Berikut adalah rangkaian perkembangan utama kasus tersebut:
- 2014 – Penandatanganan kontrak LNG yang kemudian dipertanyakan.
- 2017 – KPK membuka penyelidikan atas dugaan suap kepada pejabat Pertamina.
- 2022 – Hari Karyuliarto resmi menjadi tersangka dan ditahan.
- 2023 – Jaksa menuntut hukuman 6 tahun 6 bulan penjara serta denda.

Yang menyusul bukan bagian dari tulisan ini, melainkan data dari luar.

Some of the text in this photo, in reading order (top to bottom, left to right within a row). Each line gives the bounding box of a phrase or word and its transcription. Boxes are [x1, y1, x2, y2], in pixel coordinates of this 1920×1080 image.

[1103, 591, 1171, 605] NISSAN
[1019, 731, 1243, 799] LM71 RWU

Dalam konferensi pers pada hari Senin, Hari Karyuliarto menyatakan, “Saya mengerti proses hukum, namun hukuman enam setengah tahun terasa tidak proporsional dengan peran saya dalam proyek tersebut. Saya berharap pengadilan dapat menimbang semua aspek, termasuk kontribusi saya dalam mengoptimalkan pasokan gas nasional.”

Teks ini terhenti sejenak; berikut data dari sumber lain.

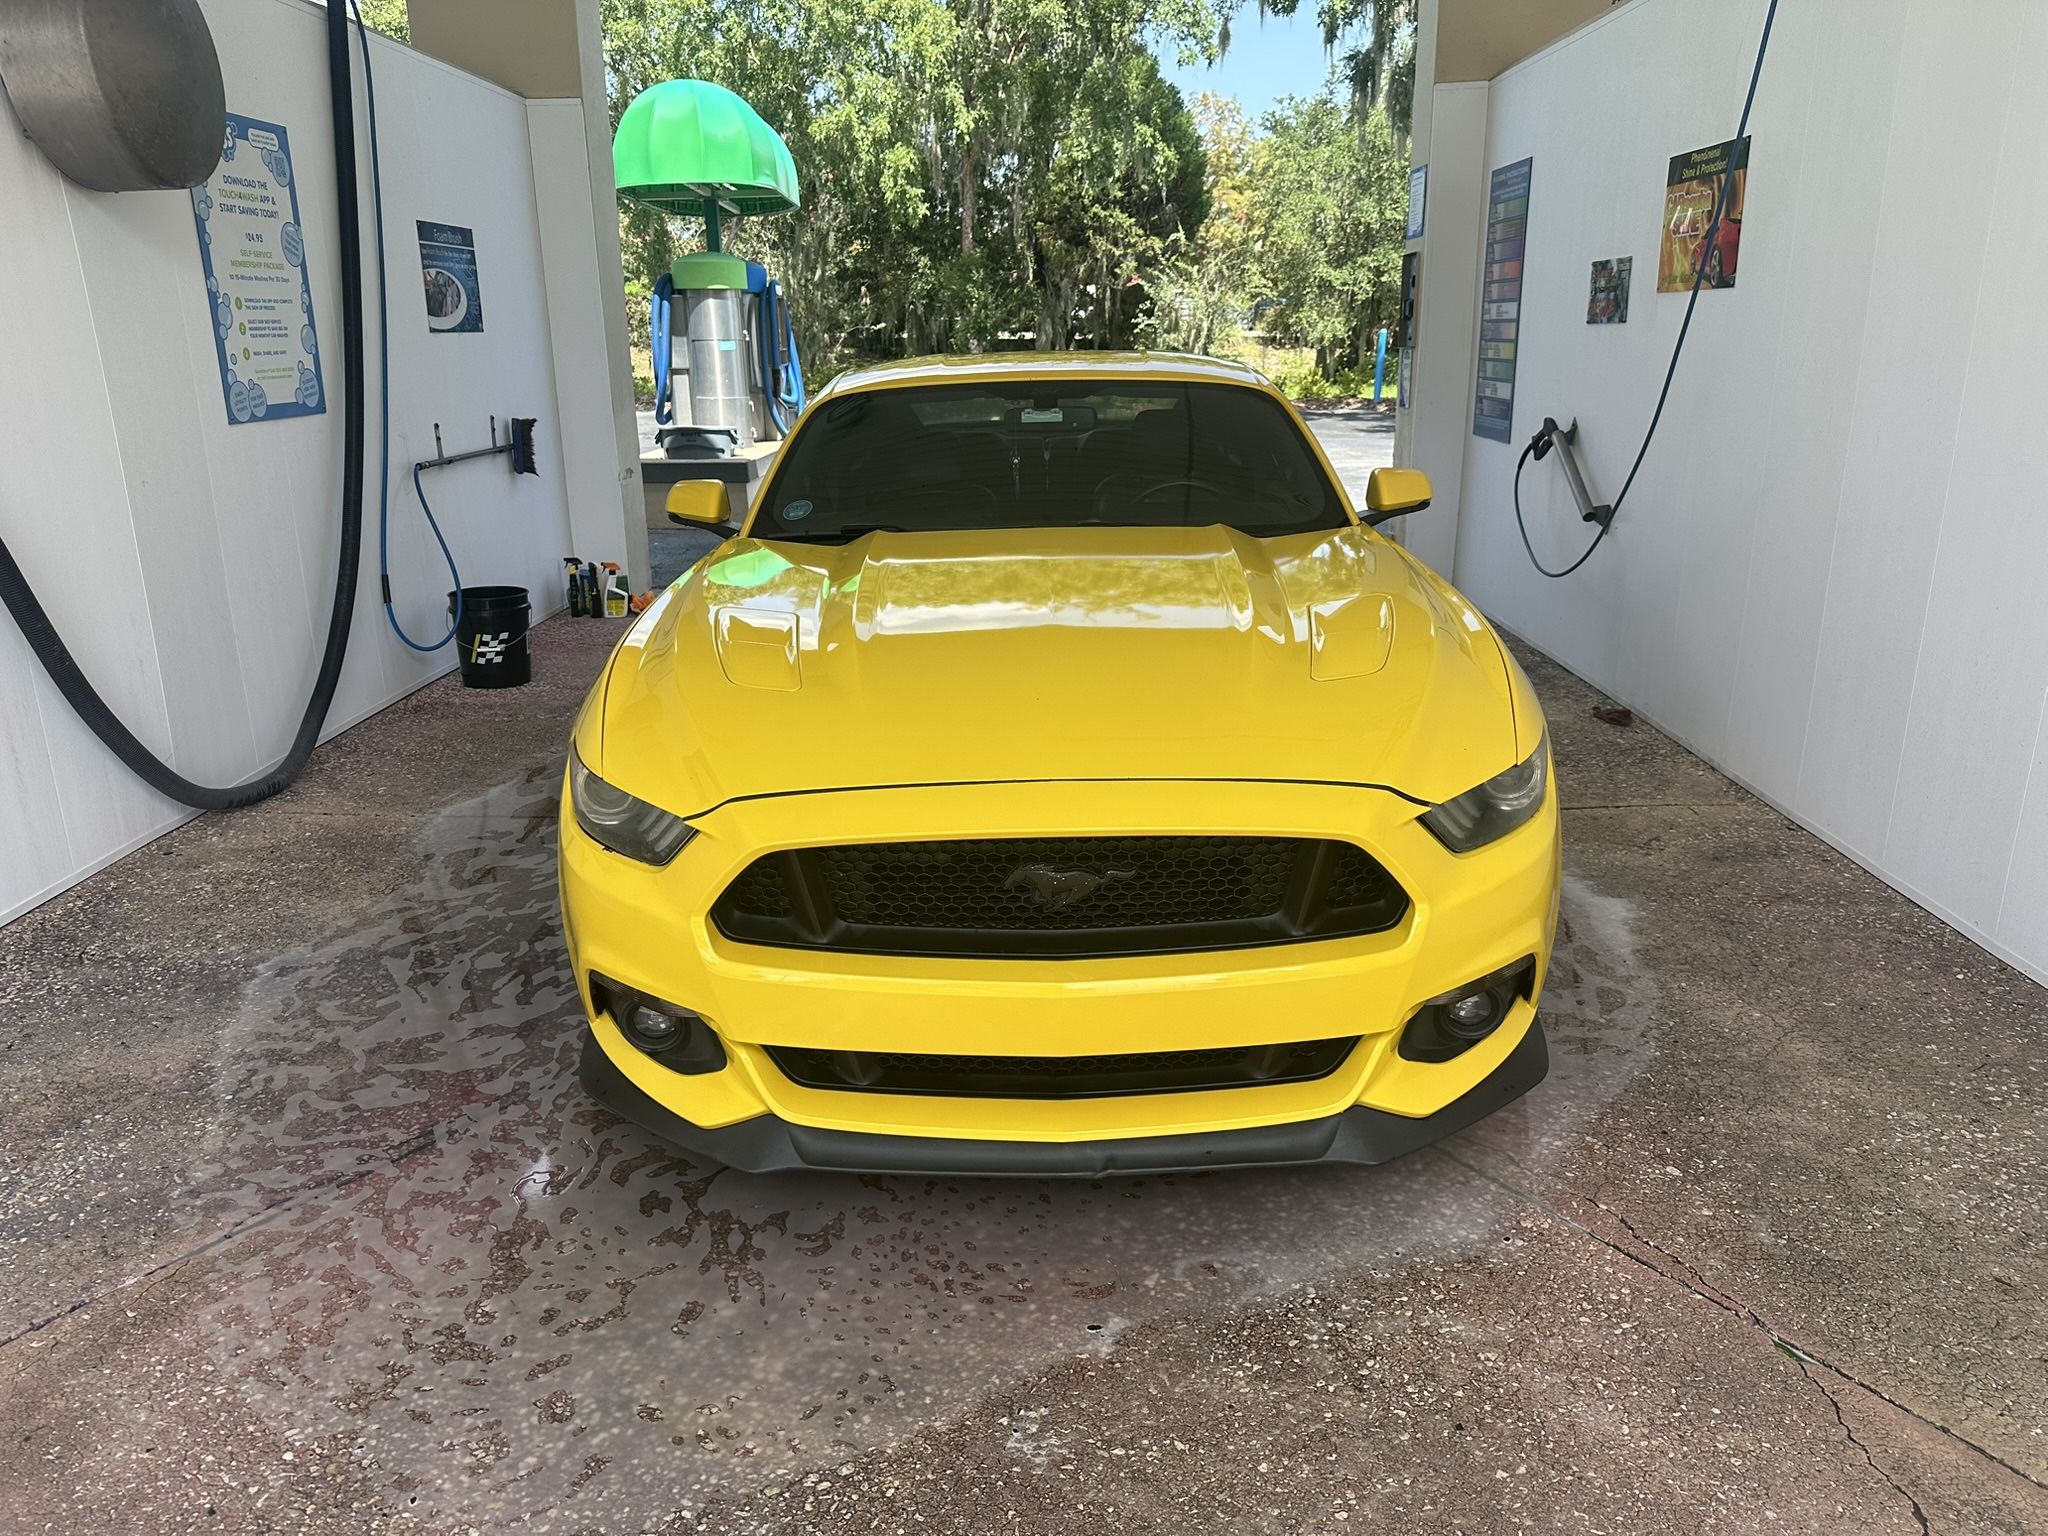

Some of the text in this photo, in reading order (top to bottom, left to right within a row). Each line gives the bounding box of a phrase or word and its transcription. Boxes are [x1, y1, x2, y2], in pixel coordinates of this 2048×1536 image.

Ia menambahkan bahwa selama menjabat ia berupaya meningkatkan ketersediaan gas domestik dan menurunkan harga bagi konsumen. Menurutnya, tuduhan suap yang dijatuhkan tidak mencerminkan keseluruhan kerja kerasnya selama dua tahun terakhir di Pertamina.

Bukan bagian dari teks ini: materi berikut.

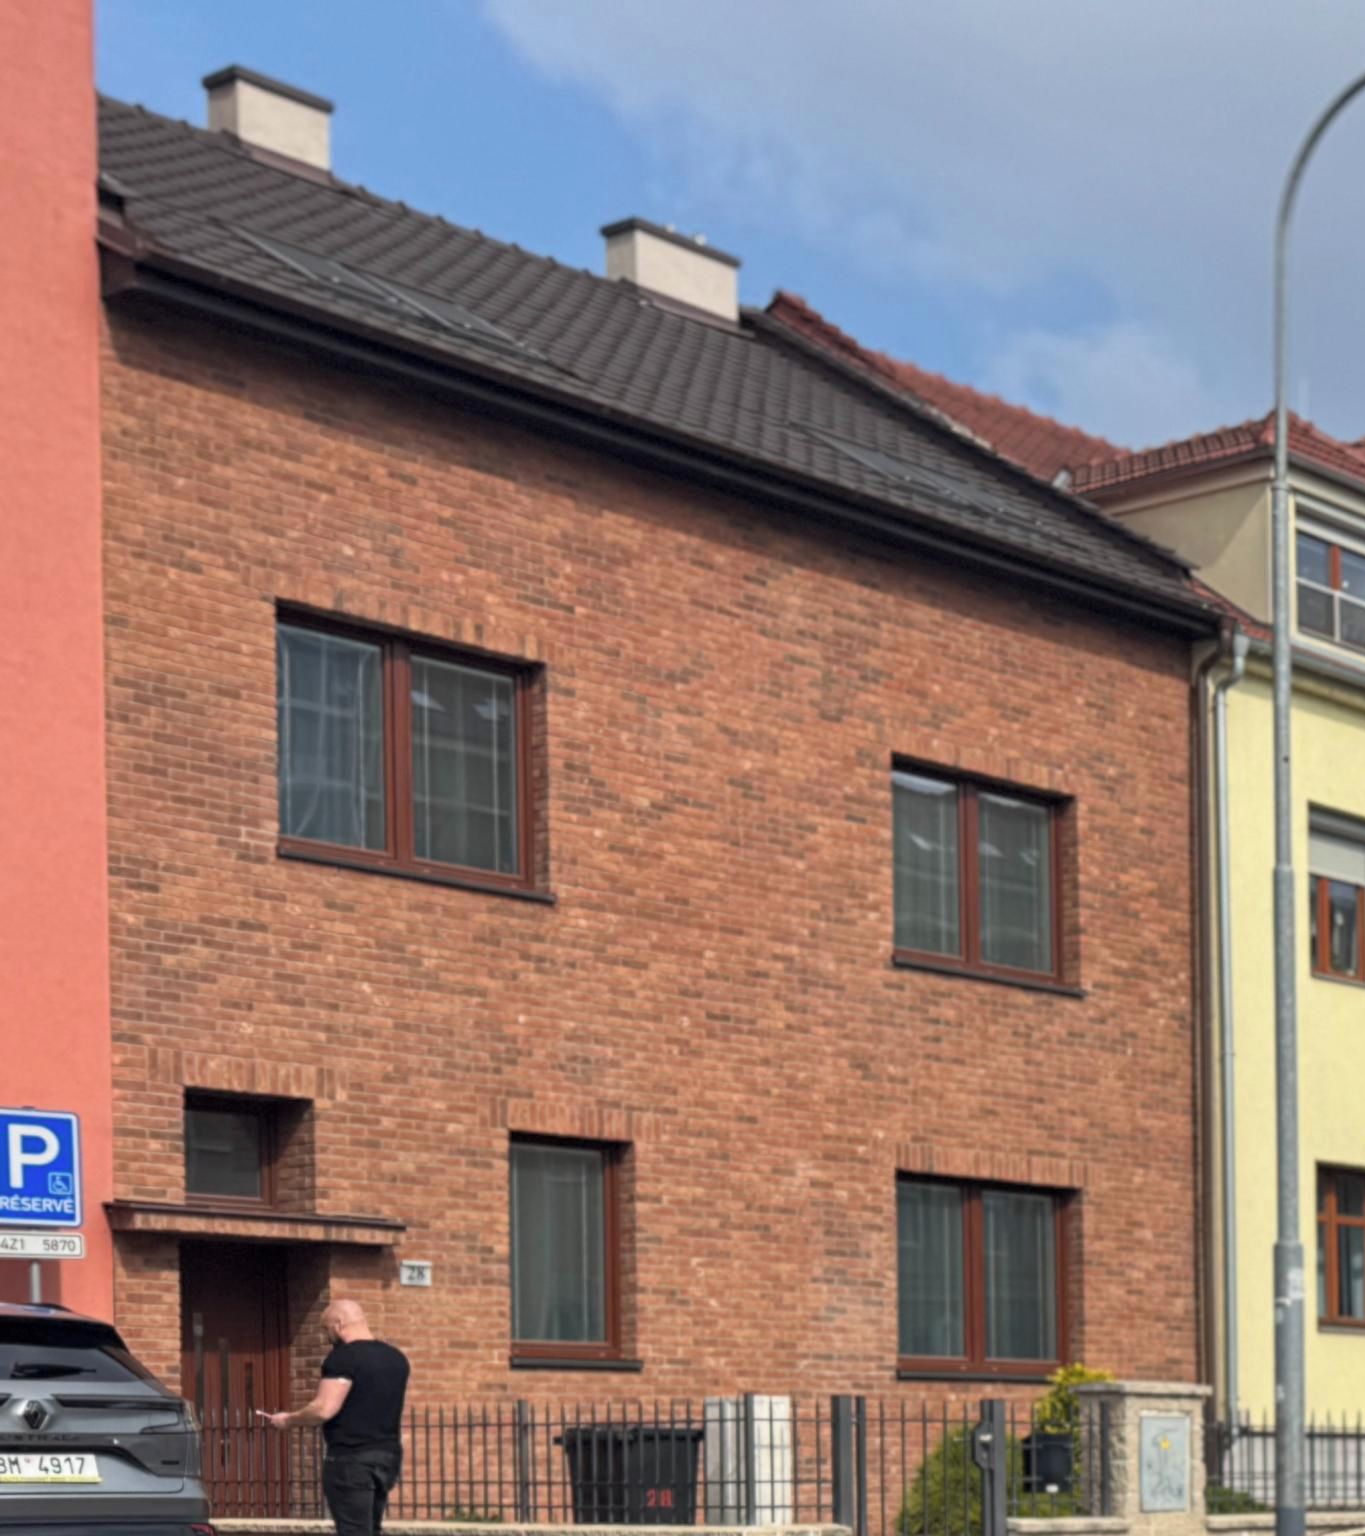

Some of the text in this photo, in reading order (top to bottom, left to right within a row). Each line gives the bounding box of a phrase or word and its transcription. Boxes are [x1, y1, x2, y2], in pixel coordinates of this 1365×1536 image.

[8, 1124, 59, 1189] P
[43, 1239, 76, 1252] 5870
[39, 1456, 85, 1475] 4917

Pihak kejaksaan menegaskan bahwa bukti‑bukti yang terkumpul, termasuk rekaman bank dan saksi, menunjukkan keterlibatan langsung Karyuliarto dalam memfasilitasi pembayaran komisi kepada pihak ketiga. Sementara kuasa hukum terdakwa mengklaim bahwa bukti‑bukti tersebut belum cukup kuat untuk mendukung hukuman setinggi itu.
Kasus ini menarik perhatian publik karena melibatkan salah satu perusahaan energi terbesar di Indonesia serta menimbulkan pertanyaan tentang transparansi dalam proses pengadaan barang dan jasa di sektor BUMN.